→ THE TASK
Set down every entry exactly as given. Pictures are to be left out.

(Annotated photo localization data)
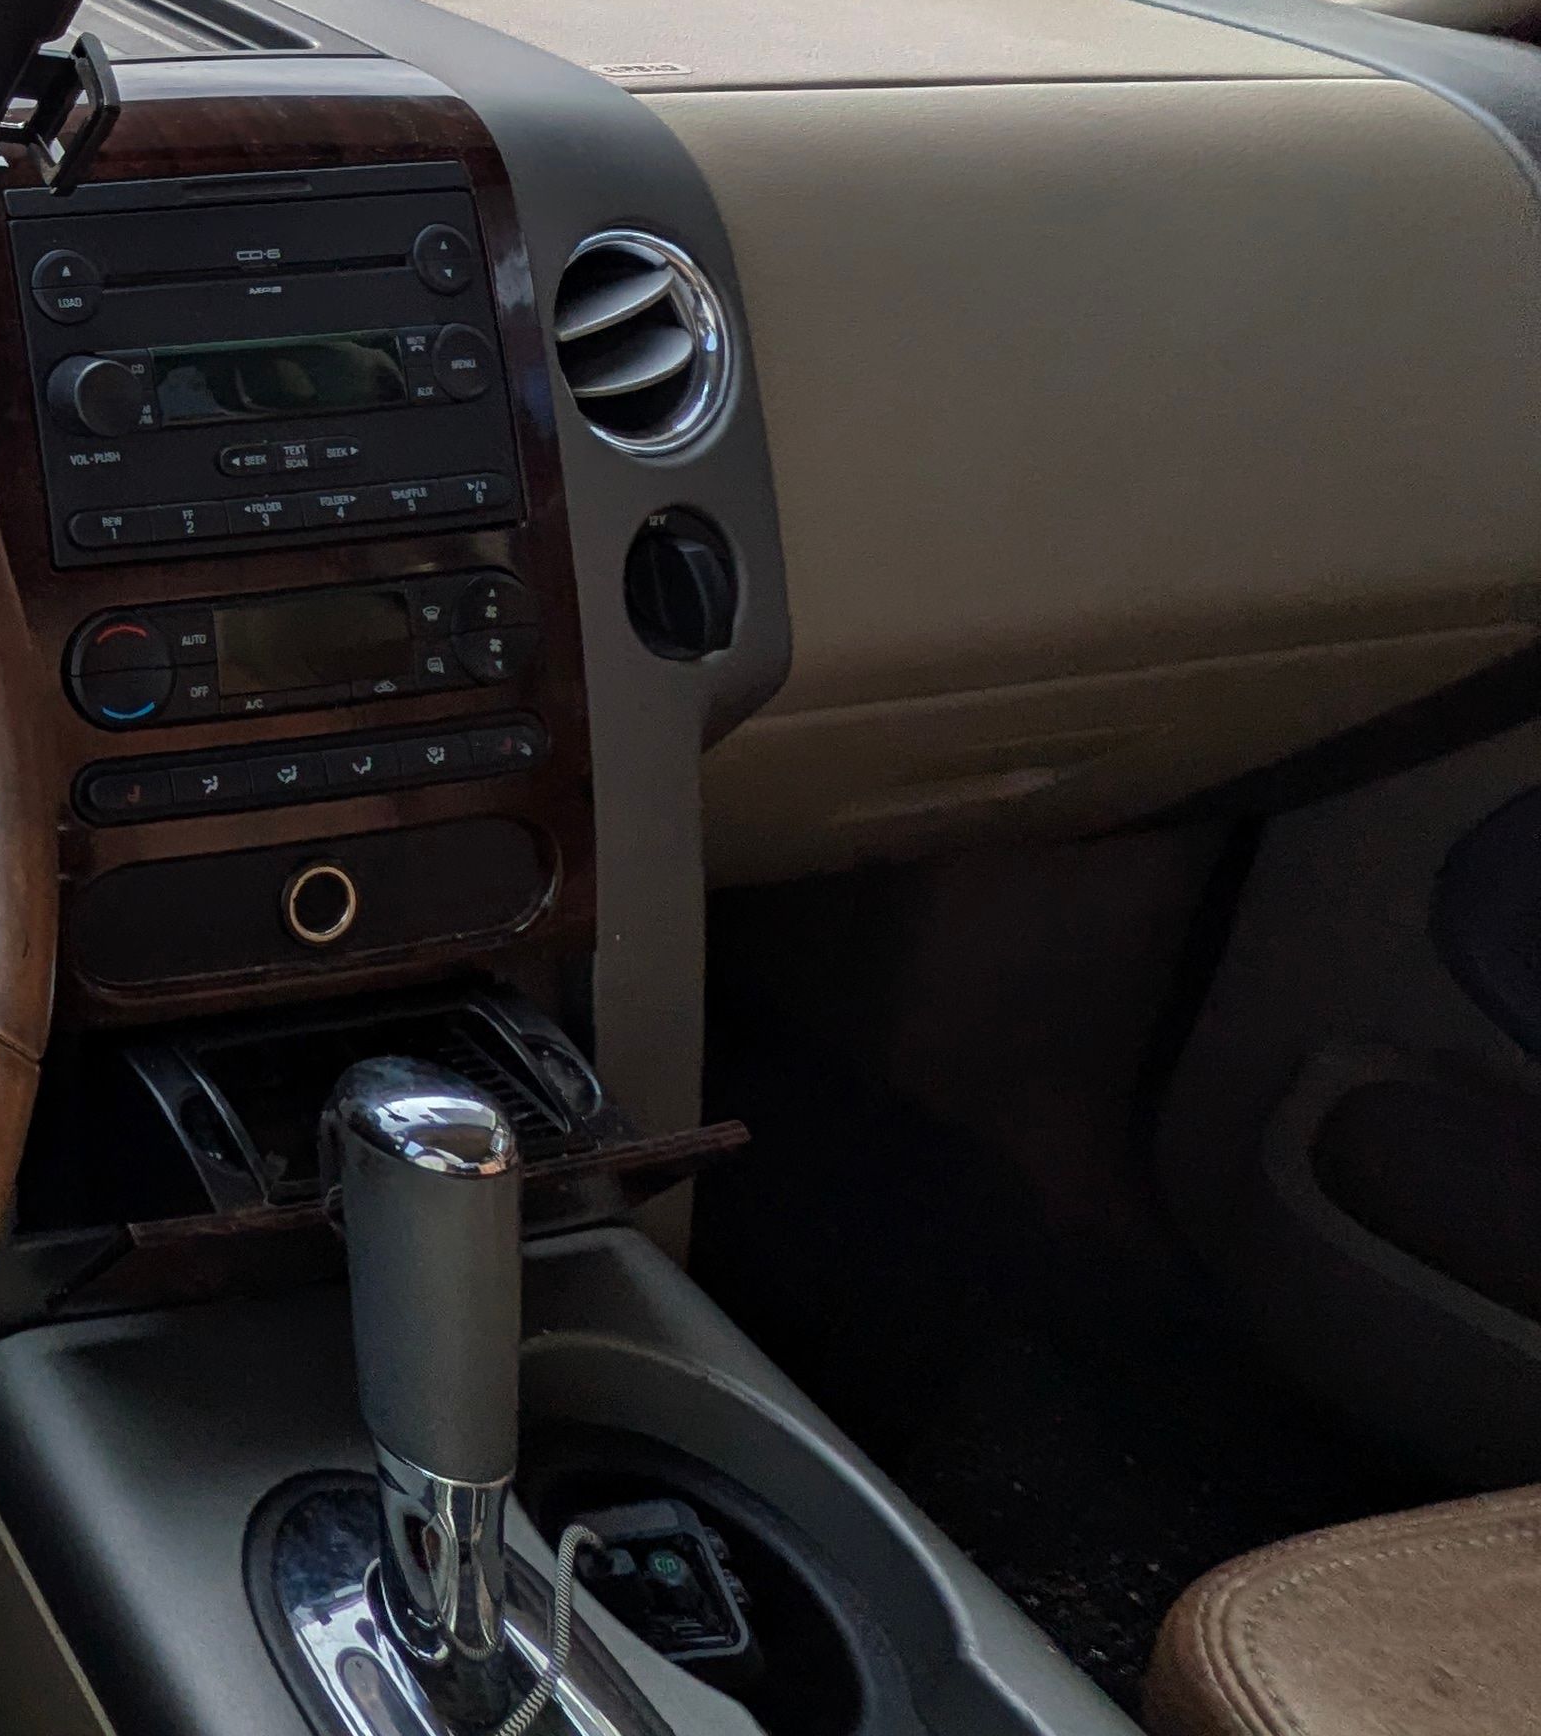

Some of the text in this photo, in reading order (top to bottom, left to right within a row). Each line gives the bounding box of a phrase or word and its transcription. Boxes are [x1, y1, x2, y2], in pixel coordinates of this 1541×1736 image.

[58, 298, 83, 309] LOAD
[131, 364, 145, 375] CD
[451, 359, 477, 369] MENU
[417, 386, 434, 397] AUX
[283, 444, 307, 456] TEXT
[326, 447, 349, 458] SEEK
[244, 454, 267, 466] SEEK
[285, 458, 309, 469] SCAN
[320, 495, 350, 507] FOLDER
[476, 491, 484, 503] 6
[251, 502, 282, 513] FOLDER
[407, 500, 417, 512] 5
[336, 507, 345, 519] 4
[102, 517, 122, 528] REW
[262, 514, 270, 527] 3
[186, 521, 195, 534] 2
[111, 528, 118, 540] 1
[181, 634, 207, 646] AUTO
[190, 686, 210, 698] OFF
[245, 699, 264, 710] A/C
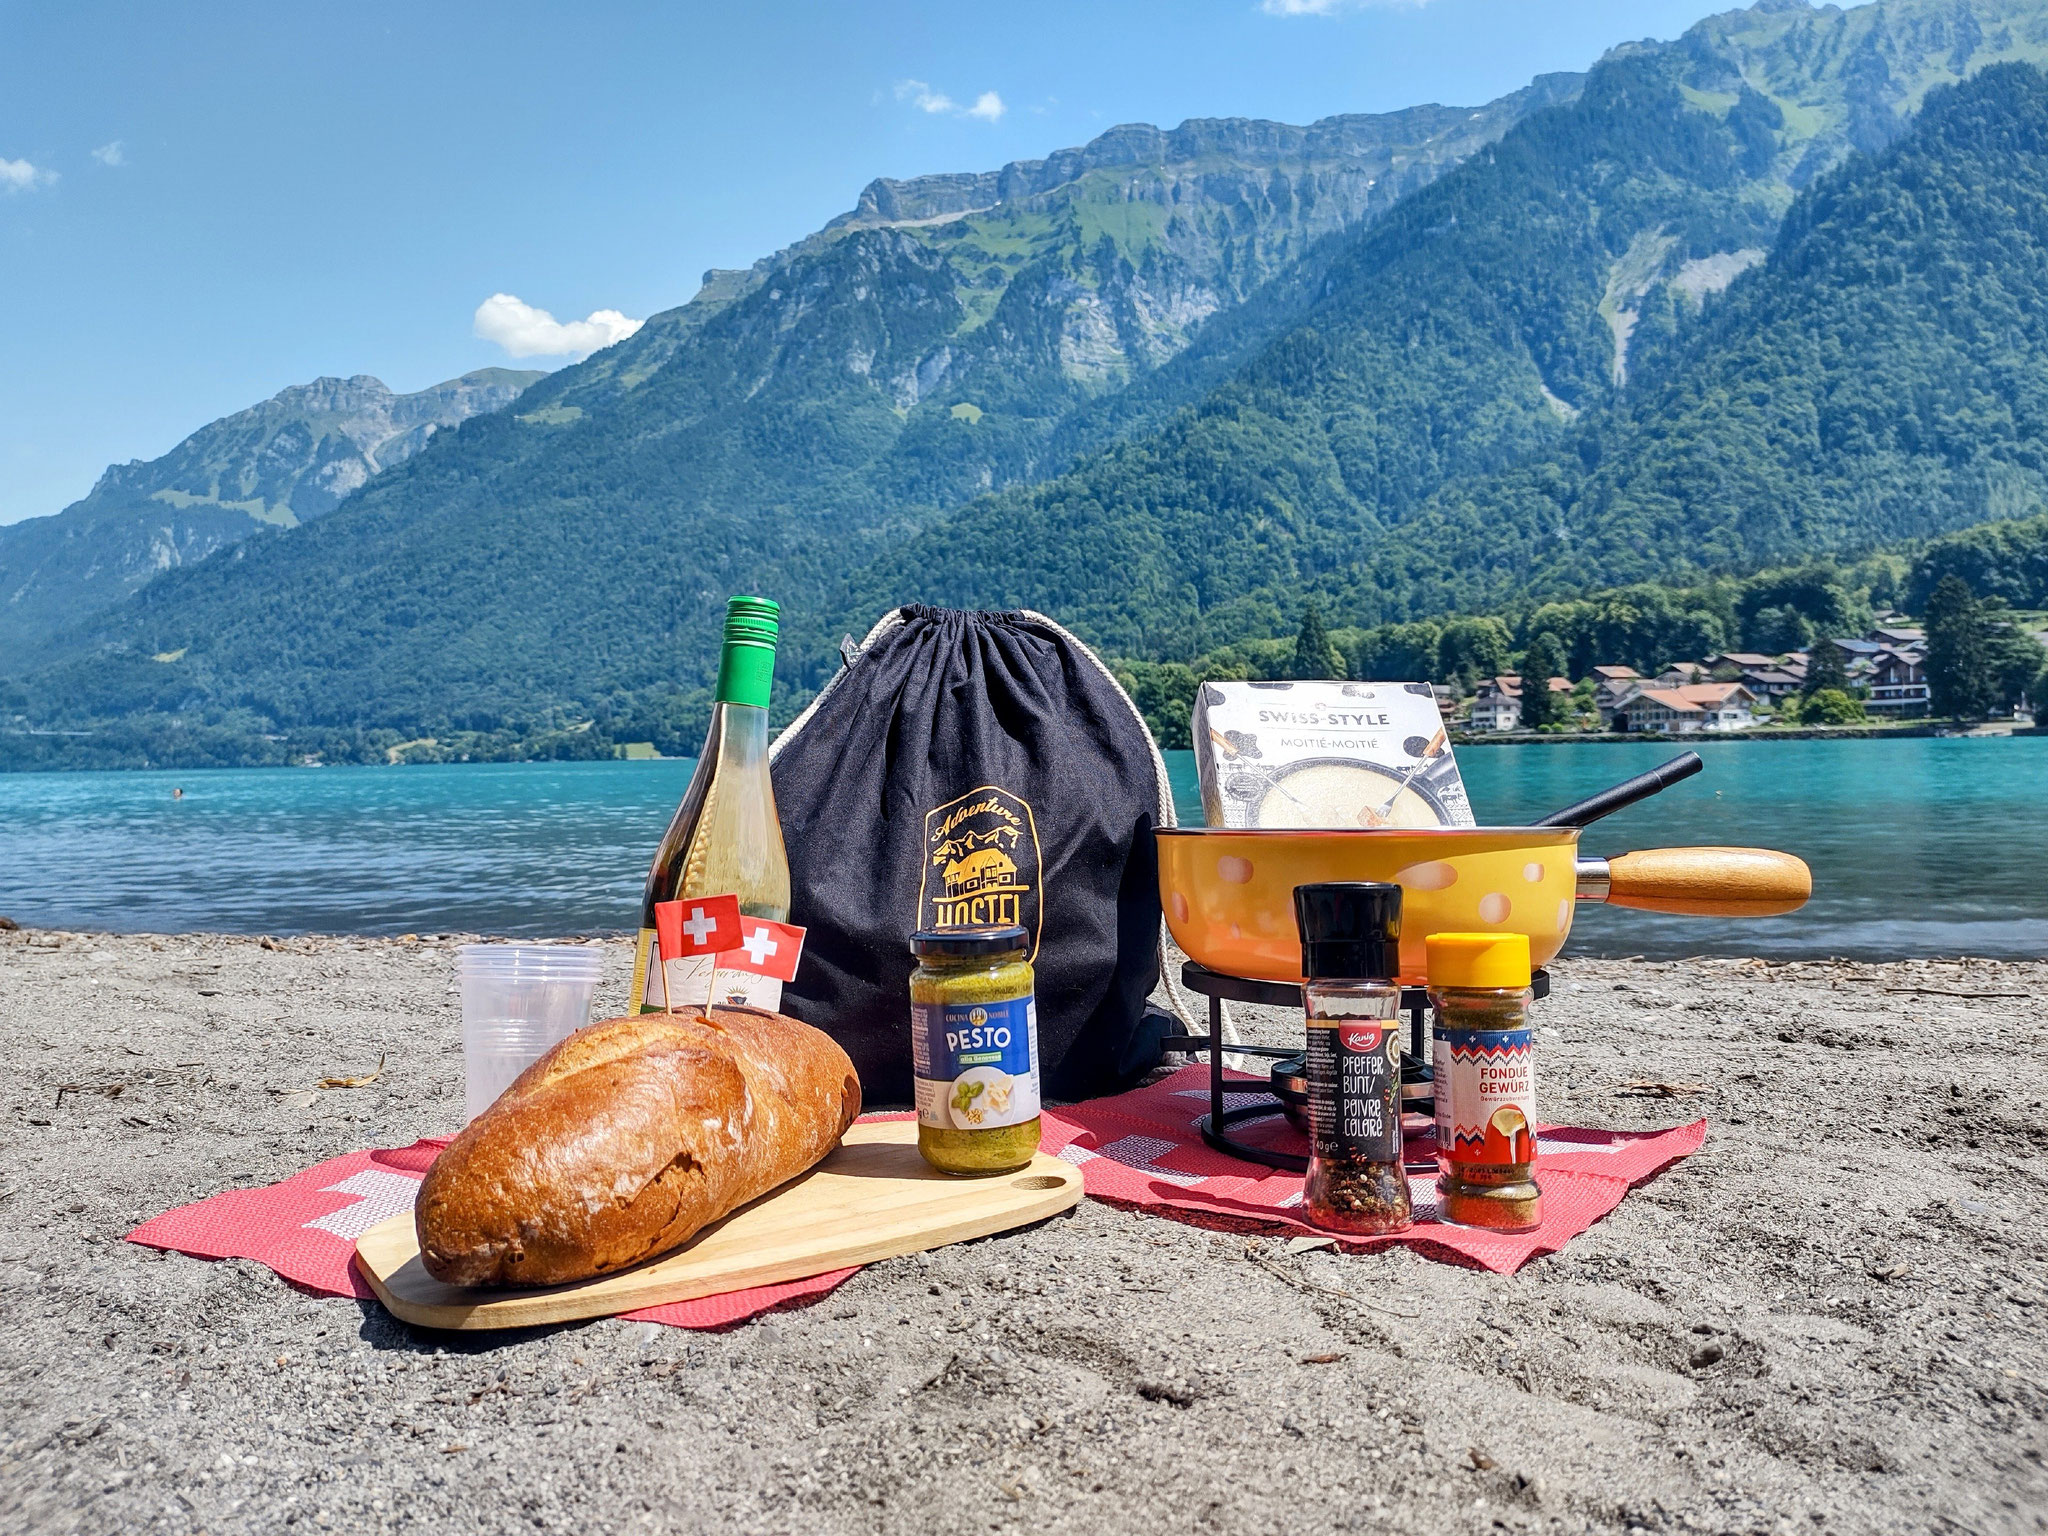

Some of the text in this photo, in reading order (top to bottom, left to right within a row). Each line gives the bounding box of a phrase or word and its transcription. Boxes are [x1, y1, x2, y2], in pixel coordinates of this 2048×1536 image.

[1258, 709, 1391, 726] SWISS-STYLE
[1280, 737, 1380, 749] MOITIÉ-MOITIÉ
[930, 797, 1023, 842] Adventure
[945, 1012, 969, 1022] CUCINA
[945, 1026, 1012, 1052] PESTO
[1480, 1066, 1528, 1079] FONDUE
[1479, 1080, 1530, 1094] GEWÜRZ

→ ANSWER FOR THIS EXERCISE
Some of the text in this photo, in reading order (top to bottom, left to right within a row). Each line gives the bounding box of a phrase or word and its transcription. Boxes are [x1, y1, x2, y2], in pixel coordinates of this 1541×1736 image.

[58, 298, 83, 309] LOAD
[131, 364, 145, 375] CD
[451, 359, 477, 369] MENU
[417, 386, 434, 397] AUX
[283, 444, 307, 456] TEXT
[326, 447, 349, 458] SEEK
[244, 454, 267, 466] SEEK
[285, 458, 309, 469] SCAN
[320, 495, 350, 507] FOLDER
[476, 491, 484, 503] 6
[251, 502, 282, 513] FOLDER
[407, 500, 417, 512] 5
[336, 507, 345, 519] 4
[102, 517, 122, 528] REW
[262, 514, 270, 527] 3
[186, 521, 195, 534] 2
[111, 528, 118, 540] 1
[181, 634, 207, 646] AUTO
[190, 686, 210, 698] OFF
[245, 699, 264, 710] A/C

Some of the text in this photo, in reading order (top to bottom, left to right within a row). Each line gives the bounding box of a phrase or word and its transcription. Boxes are [x1, y1, x2, y2], in pixel coordinates of this 2048×1536 image.

[1258, 709, 1391, 726] SWISS-STYLE
[1280, 737, 1380, 749] MOITIÉ-MOITIÉ
[930, 797, 1023, 842] Adventure
[945, 1012, 969, 1022] CUCINA
[945, 1026, 1012, 1052] PESTO
[1480, 1066, 1528, 1079] FONDUE
[1479, 1080, 1530, 1094] GEWÜRZ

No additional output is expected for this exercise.